The glow was leaving, draining away too quickly. The crimson threads gave one last painless twitch and were gone, the rosy fog evaporating, and he became aware of a hammering sound.
Aberline had reached his feet. He swayed slightly, and Clare realised the man had been speaking of the murders. He blinked several times as Philip gave a curt command, None of that now, and Clare found himself on a broken sopha in the middle of a Limhoss poppy den, the world a sudden vivid assault after the rosy fog.
“Inspector Aberline, sir.” A whip-thin young man in a brown jacket, but his hair cut too short for a labourer’s. From the Yard, then, judging by his shoes, and out of breath. “There’s another one.”
Clare’s stomach turned over, queerly.
“Another murder.” Aberline nodded. “Yes, Browne. Hail a hansom, there’s a good man.”
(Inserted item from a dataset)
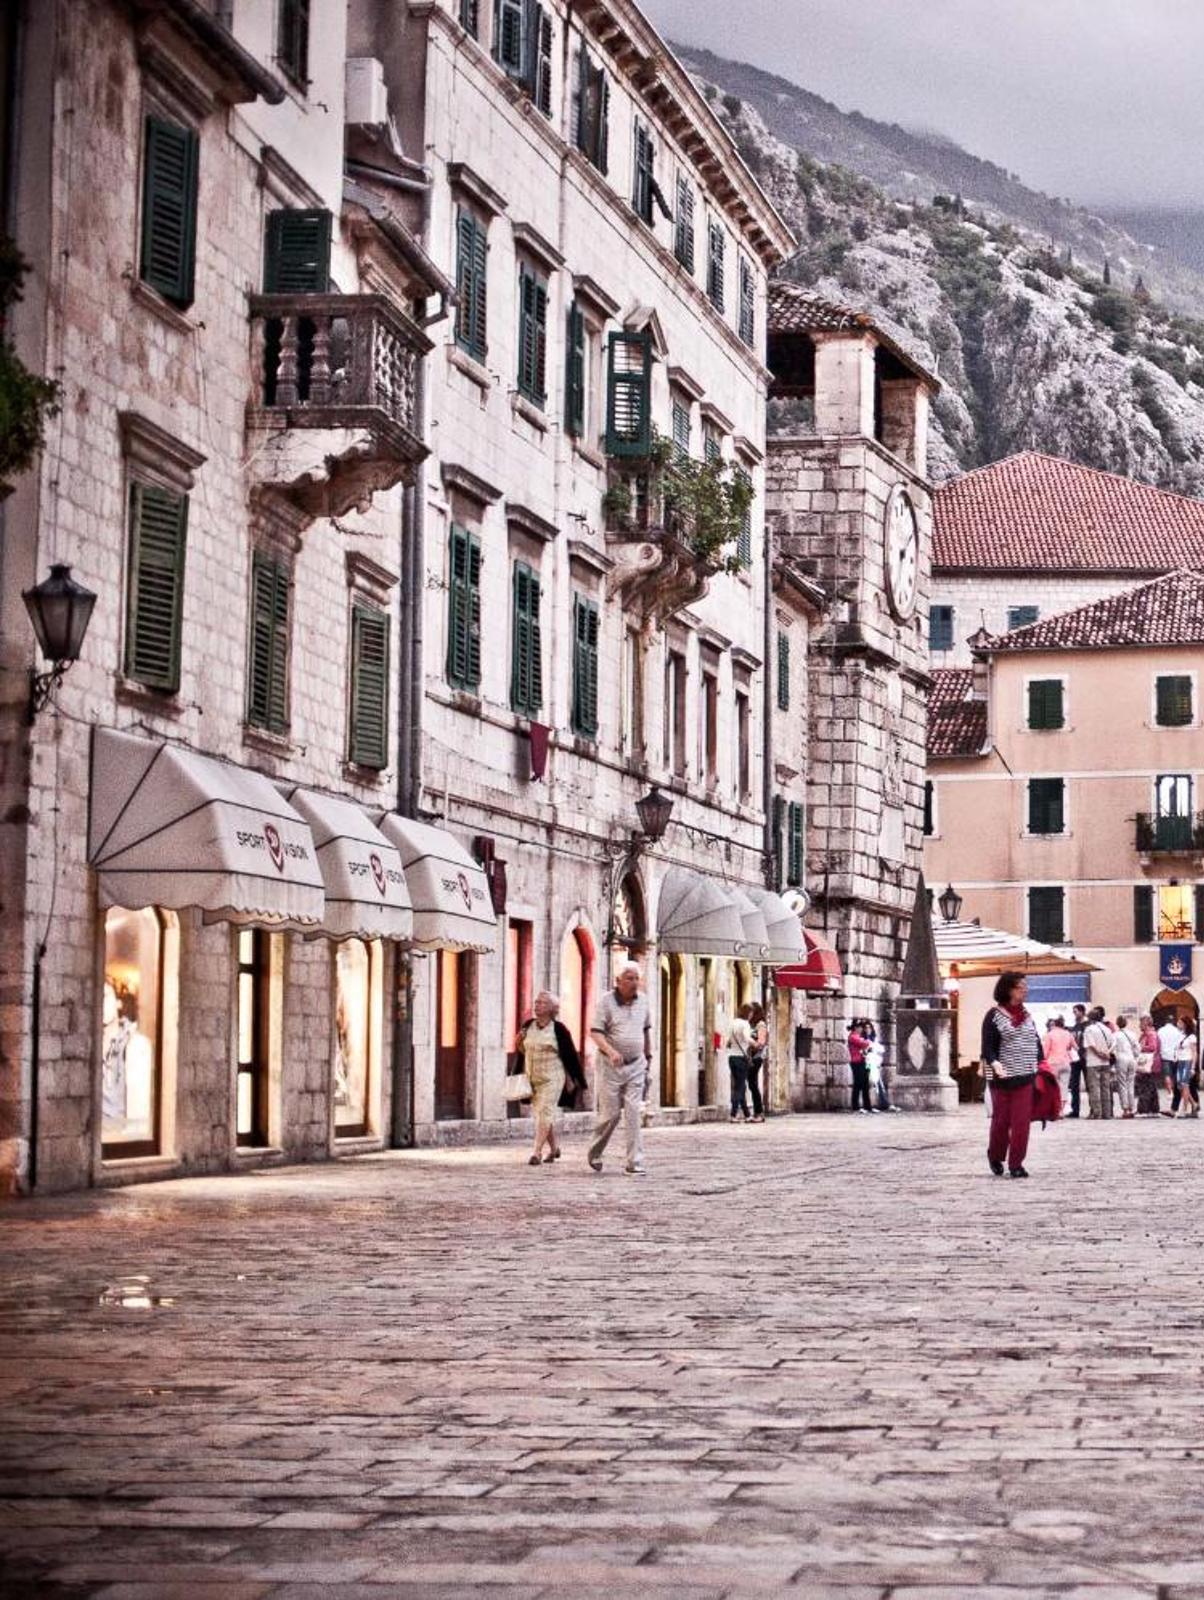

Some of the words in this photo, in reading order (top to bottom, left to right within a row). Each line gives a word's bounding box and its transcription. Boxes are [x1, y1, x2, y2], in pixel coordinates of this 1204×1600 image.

The brown-jacketed Browne gasped, red blotches of effort on his sweating cheeks. There was a fog of smoke in here–how much had Aberline produced? The inspector was not only standing, but moving about. Clare gathered himself, an odd burning in the region of his chest.
Philip Pico’s face was a fox’s for a moment as he bent down over the mentath. The sharp black nose wrinkled, and his ears were perked, alert. “Come on, nodder.”
“You, sir, are a fox.” Clare’s flesh moved when he told it to. It was an odd feeling, thinking of himself inside an imperishable corporeal glove, his faculties simply observing the passage of time. There was a certain comfort in the notion.
“And you’re a babe in woods, sir, for all your bright-penny talk. Come along.”
Aberline glanced over his shoulder; it really was quite irritating that the man seemed so unmoved by whatever quantity of poppy he had smoked. Instead, he was merely haggard, drawn, the dark shadows under his eyes ever more pronounced. Soon they might swallow his gaze whole…
Wait. Clare searched through memory, grasping for whatever the inspector had said into the smoke-fog. He did something, something quite alarming. He spoke of… what?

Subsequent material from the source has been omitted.